A native New Yorker, Naya Arbiter spent her adolescence between New York, Bolivia and Mexico.In her late teens, she moved to the American Southwest and became involved in using and smuggling drugs over the Mexican/Arizona border.
Arrested in Mexico, but released from jail before her 18th birthday she was given a well-constructed chance by a courageous probation officer to go to the first American TC (Synanon).
After 10 years at Synanon, Naya, at age 28, went back to Tucson, where she had attended high school and founded Amity. With her partner Rod she grew Amity from a small local organization to one which has touched thousands of lives in the US, and has been influential around the world.
Nayas work with prisoners has evidenced the highest recidivism reduction with the most criminogenic population ever studied.

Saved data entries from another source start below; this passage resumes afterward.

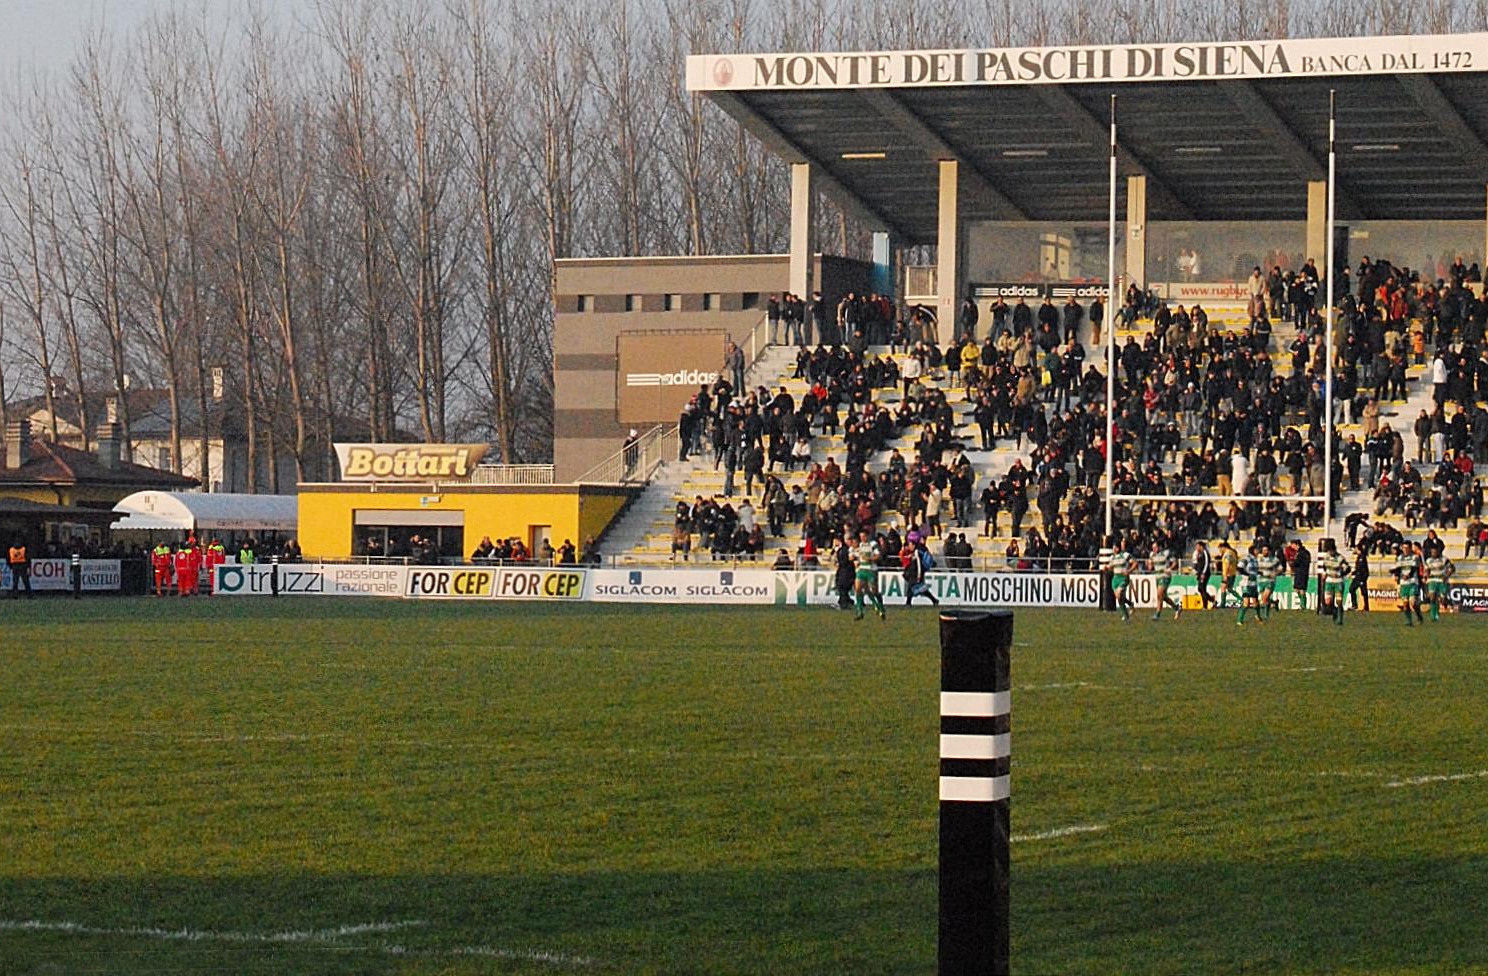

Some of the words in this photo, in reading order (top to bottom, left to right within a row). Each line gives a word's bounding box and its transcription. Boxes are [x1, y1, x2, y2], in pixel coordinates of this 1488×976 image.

[752, 55, 893, 87] MONTE
[902, 52, 966, 84] DEI
[975, 49, 1113, 83] PASCHI
[1126, 47, 1164, 79] DI
[1173, 44, 1293, 77] SIENA
[1301, 54, 1373, 73] BANCA
[1381, 52, 1425, 71] DAL
[1433, 51, 1473, 69] 1472
[999, 285, 1039, 297] adidas
[1077, 285, 1111, 297] adida
[661, 369, 718, 386] adidas
[346, 446, 469, 477] Bottari
[32, 561, 66, 578] COH
[334, 568, 399, 583] passione
[247, 565, 325, 593] truzzi
[409, 572, 450, 595] FOR
[453, 571, 490, 595] CEP
[501, 573, 542, 596] FOR
[544, 573, 581, 596] CEP
[594, 584, 677, 596] SIGLACOM
[685, 585, 769, 597] SIGLACOM
[963, 576, 1053, 603] MOSCHINO
[1060, 577, 1151, 604] MOSNO

She authored 14 volumes of TC curriculum, which foster personal growth, emotional literacy and social responsibility. She served on the inter-American Commission for Drug Policy. She was appointed as Vice-President of Therapeutic Communities of America and chair of the Standards and Goals Committee of the World Federation of Therapeutic Communities and served on numerous scientific committee advisory boards including that of the National Treatment Improvement Evaluation Study (NTIES). She was also chosen as one of the conferees for the White House Conference for a Drug Free America by President Regan.
In 2013 Naya was the third American and the first woman to receive the prestigious “Eric Broekaert Acknowledgement Award” of the European Federation of Therapeutic Communities, given to those acknowledged to have made the greatest contribution to the ongoing development of the therapeutic community methodology.

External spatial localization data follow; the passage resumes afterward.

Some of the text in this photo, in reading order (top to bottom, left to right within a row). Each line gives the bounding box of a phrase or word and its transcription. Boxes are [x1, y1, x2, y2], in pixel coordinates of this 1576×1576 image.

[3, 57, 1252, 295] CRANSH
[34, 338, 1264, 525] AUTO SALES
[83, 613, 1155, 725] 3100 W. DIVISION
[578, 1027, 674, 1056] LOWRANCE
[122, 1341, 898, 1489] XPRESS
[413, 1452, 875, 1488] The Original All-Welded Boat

Nayas life’s work has been to construct chances for those in seemingly impossible situations. Nayas power came from her ability to use her life experience and her deep professional knowledge to connect with anyone she came into contact with; people in addiction, colleagues, politicians, policy makers. A fierce advocate of individual rights and the power of recovery, Naya never missed an opportunity to teach – and we all learnt much from her. We will miss her smile, her generosity her creativity and her wisdom.